The credits had immediate effects in 2021: eligible families experienced improved nutrition, decreased reliance on credit cards and other high-risk financial services, and also made long term educational investments for both parents and children, especially among Black, Hispanic and other minority families, per the study. Respondents also said that the credits made them feel like the government cared about their families and welfare.

Besides, some parents also reported having more disposable income for everyday delights and pleasantries, like toys and celebrations, said Ashley Burnside, senior policy analyst at the Center for Law and Social Policy and one of the administrators of the survey.
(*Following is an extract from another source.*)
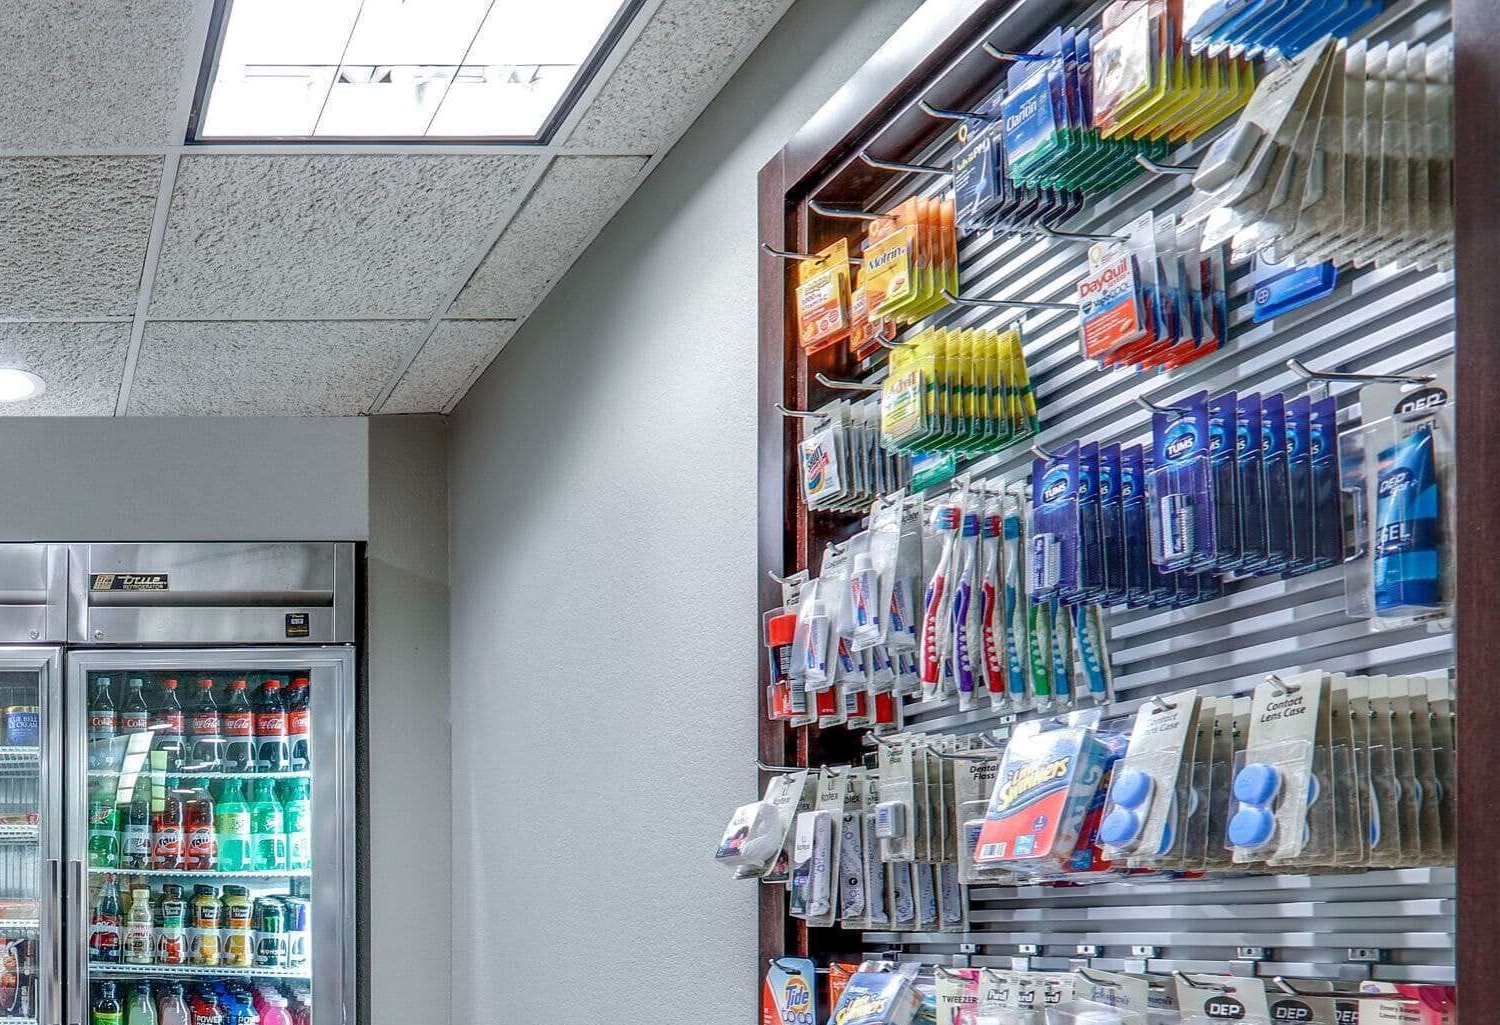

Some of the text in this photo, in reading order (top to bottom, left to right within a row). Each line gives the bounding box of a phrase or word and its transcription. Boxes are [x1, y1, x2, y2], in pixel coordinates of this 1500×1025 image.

“One parent said that in the past few years, they hadn’t had the funds to have a birthday party for their child but with the CTC monthly payments they could for the first time, and that’s of course a really important expense for a kid growing up,” she said. “So there’s just all of these really incredible ways that the credit allowed parents to have more flexibility in their budget and for the government to really invest in their children.”

These credits have been a historical mainstay in American tax policy — the CTC since 1997 and the EITC since 1975 — and expanded several times. Tax credit expansion is popular on the bipartisan level, as evidenced by Sen. Mitt Romney’s proposal to consolidate tax credits and ease people’s access, which is still on the legislative table. These credits plug crucial gaps for low-income taxpayers—over 53 million Americans worked low-wage jobs for a median hourly wage of a little over $10, according to a 2019 study.
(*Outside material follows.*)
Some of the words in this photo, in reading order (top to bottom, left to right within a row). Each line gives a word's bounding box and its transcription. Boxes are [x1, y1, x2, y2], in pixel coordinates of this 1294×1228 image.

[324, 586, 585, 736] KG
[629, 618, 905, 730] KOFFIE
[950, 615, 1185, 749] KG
But many Republicans in Congress, along with some conservative Democrats such as West Virginia Senator Joe Manchin, objected to the expanded Child Tax Credit, arguing for a work requirement and an income cap of $60,000. An effort to make the expansion permanent failed in Congress in late 2021.
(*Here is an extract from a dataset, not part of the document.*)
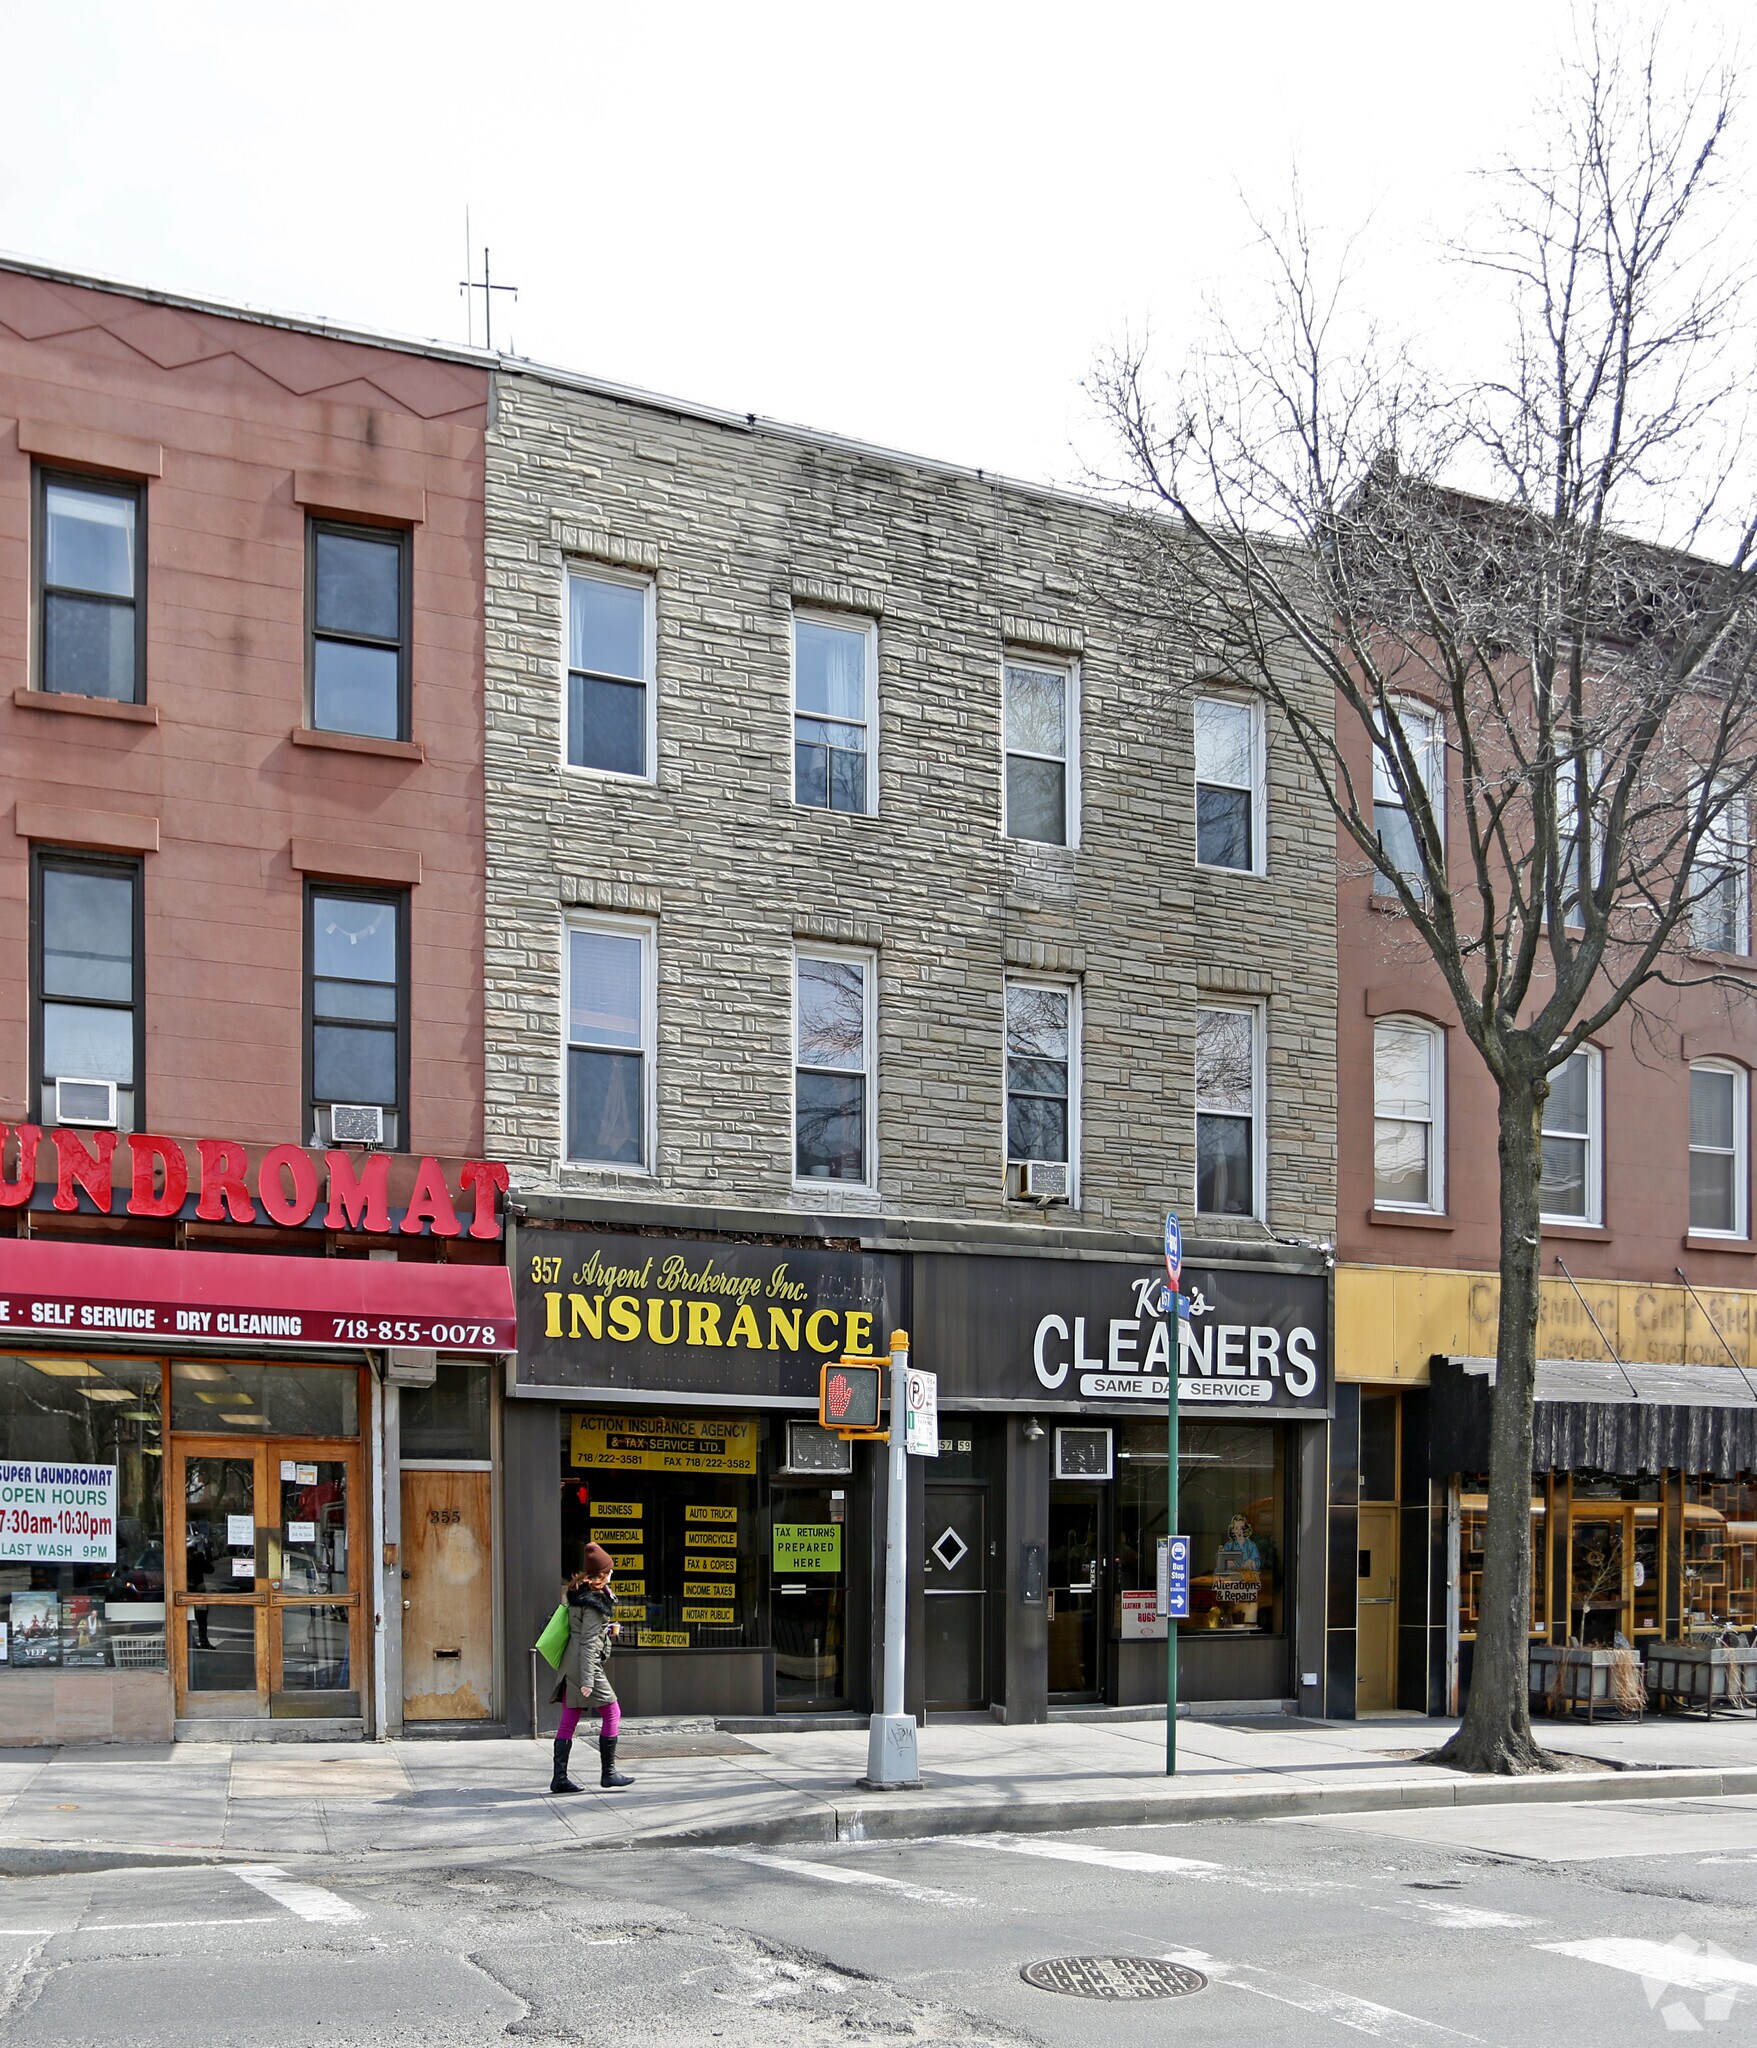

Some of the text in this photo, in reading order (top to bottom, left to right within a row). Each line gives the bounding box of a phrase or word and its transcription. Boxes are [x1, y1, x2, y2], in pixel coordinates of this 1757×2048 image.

In the absence of government assistance boosting low earnings, either through monthly payments or refundable credits, many families like Jessop’s are right back where they began: scrambling to make ends meet. In a Bankrate survey of over 2,000 taxpayers, 907 of whom were expecting refunds, 34% were worried that their refund wouldn’t make as much of a difference because of rising costs and three-quarters said a refund was important to their financial situation.

 “We had this temporary, just brief period where we were really aggressively fighting poverty and families had had a little bit more of a cushion. We stopped doing that,” said Jesse Rothstein, an economist at University of California, Berkeley, who has extensively studied the EITC. “You will see families struggling more. That’s a policy choice.”